This TechNet article suggests the following code:
// Get indices of actual message
var start = jsonString.IndexOf("{");
var end = jsonString.LastIndexOf("}") + 1;
var length = end - start;
// Get actual message
string cleandJsonString = jsonString.Substring(start, length);
Pretty primitive but whatever works I suppose...
The issue was similiar with the SO thread Interoperability Azure Service Bus Message Queue Messages.
Per my experience, the data from Azure Stream Analytics to Service Bus was sent via AMQP protocol, but the protocol of receiving the data in Python is HTTP. The excess content was generated by AMQP during transmission.
Assumption that receiving the message via the code below, please see https://azure.microsoft.com/en-us/documentation/articles/service-bus-python-how-to-use-queues/#receive-messages-from-a-queue. The function receive_queue_message with the False value of the argument peek_lock wrapped the REST API Receive and Delete Message (Destructive Read).
msg = bus_service.receive_queue_message('taskqueue', peek_lock=False)
print(msg.body)
According to the source code of Azure Service Bus SDK for Python include the functions receive_queue_message, read_delete_queue_message and _create_message, I think you can directly remove the excess content from the msg.body using the string common function lstrip or strip.
I ran into this issue as well.

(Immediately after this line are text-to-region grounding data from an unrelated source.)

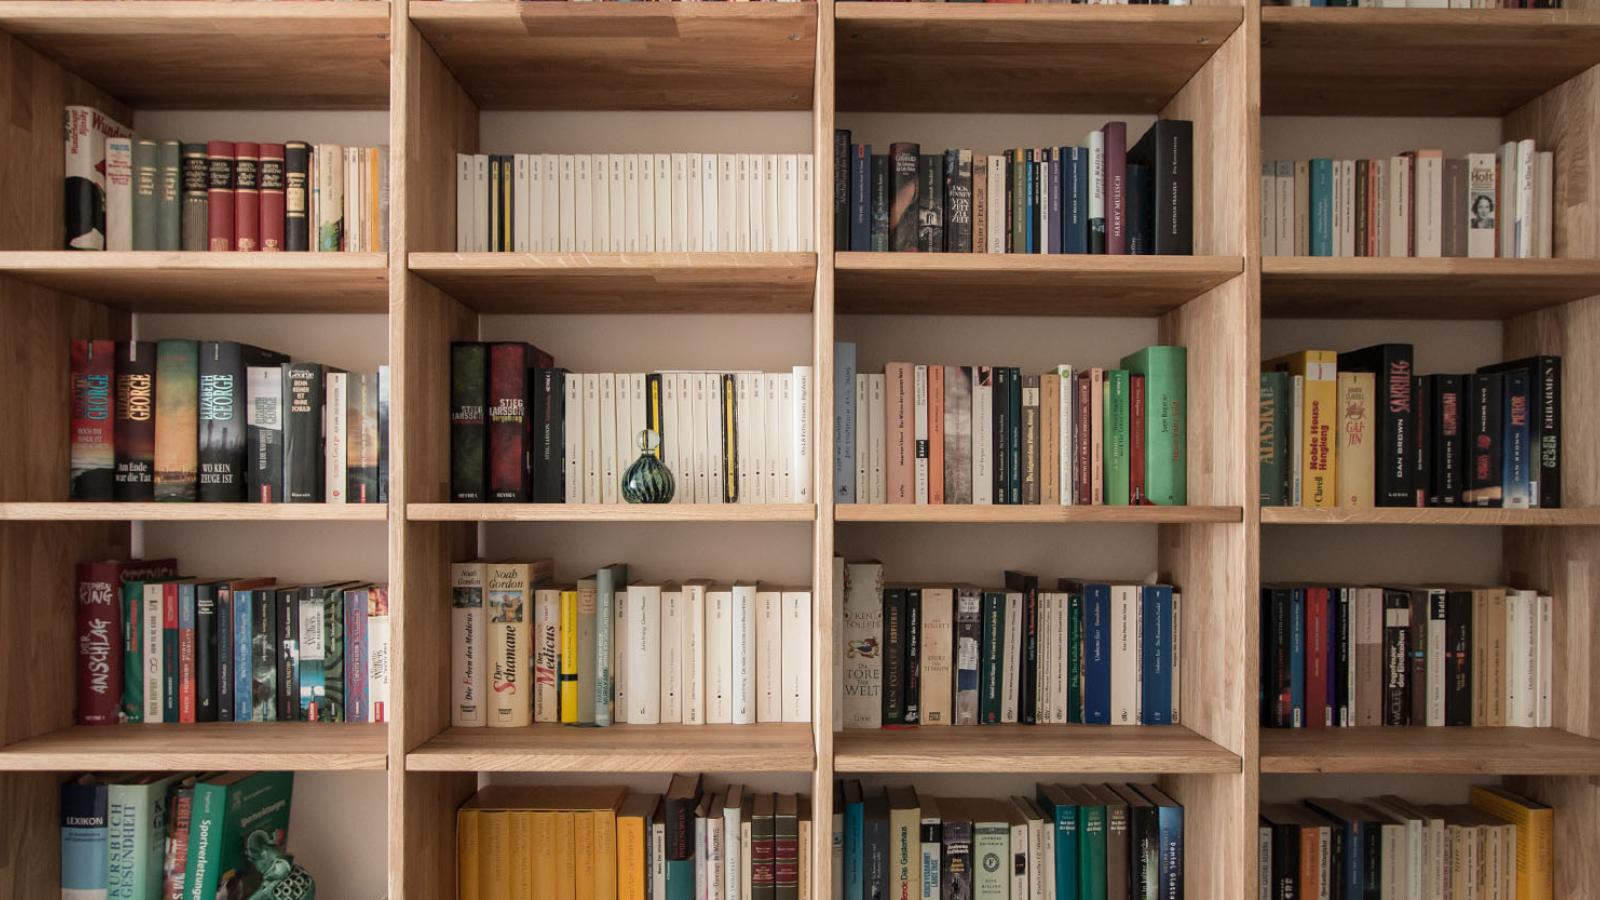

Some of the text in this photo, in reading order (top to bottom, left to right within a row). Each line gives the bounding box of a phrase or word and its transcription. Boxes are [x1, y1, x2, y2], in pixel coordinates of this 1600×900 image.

[1471, 172, 1494, 182] Holt
[87, 374, 110, 420] GEORGE
[130, 373, 152, 421] GEORGE
[200, 375, 213, 420] ELIZABETH
[212, 374, 233, 420] GEORGE
[1390, 360, 1411, 414] SAKRILEG
[1544, 367, 1554, 429] ERBARMEN
[489, 407, 525, 416] LARSSON
[499, 399, 523, 407] STIEG
[1511, 395, 1526, 426] METEOR
[1259, 399, 1274, 464] ALASKA
[1310, 400, 1318, 470] Noble House
[1549, 435, 1557, 468] OLSEN
[130, 462, 148, 472] Ende
[200, 474, 233, 483] ZEUGE IST
[202, 464, 231, 473] WO KEIN
[1314, 476, 1323, 502] Clavell
[489, 579, 524, 590] Gordon
[494, 569, 518, 580] Noah
[80, 590, 113, 605] KING
[846, 620, 880, 628] FOLLETT
[855, 612, 873, 620] KEN
[80, 633, 91, 655] DER
[89, 618, 111, 694] ANSCHLAG
[464, 613, 473, 700] Die Erben des Medicus
[536, 625, 556, 686] Medicus
[493, 626, 517, 695] Schamane
[493, 662, 502, 680] Der
[1389, 645, 1397, 688] Fegefeuer
[1397, 629, 1405, 688] der Eitelkeiten
[846, 669, 880, 679] TORE
[845, 685, 881, 697] WELT
[889, 690, 897, 708] KEN
[67, 816, 104, 825] LEXIKON
[110, 804, 122, 898] KURSBUCH
[122, 804, 136, 898] GESUNDHEIT

The previous answers are only workarounds and do not fix the root cause of this issue. The problem you are encountering is likely due to your Stream Analytics compatibility level. Compatibility level 1.0 uses an XML serializer producing the XML tag you are seeing. Compatibility level 1.1 "fixes" this issue.
See my previous answer here: https://stackoverflow.com/a/49307178/263139.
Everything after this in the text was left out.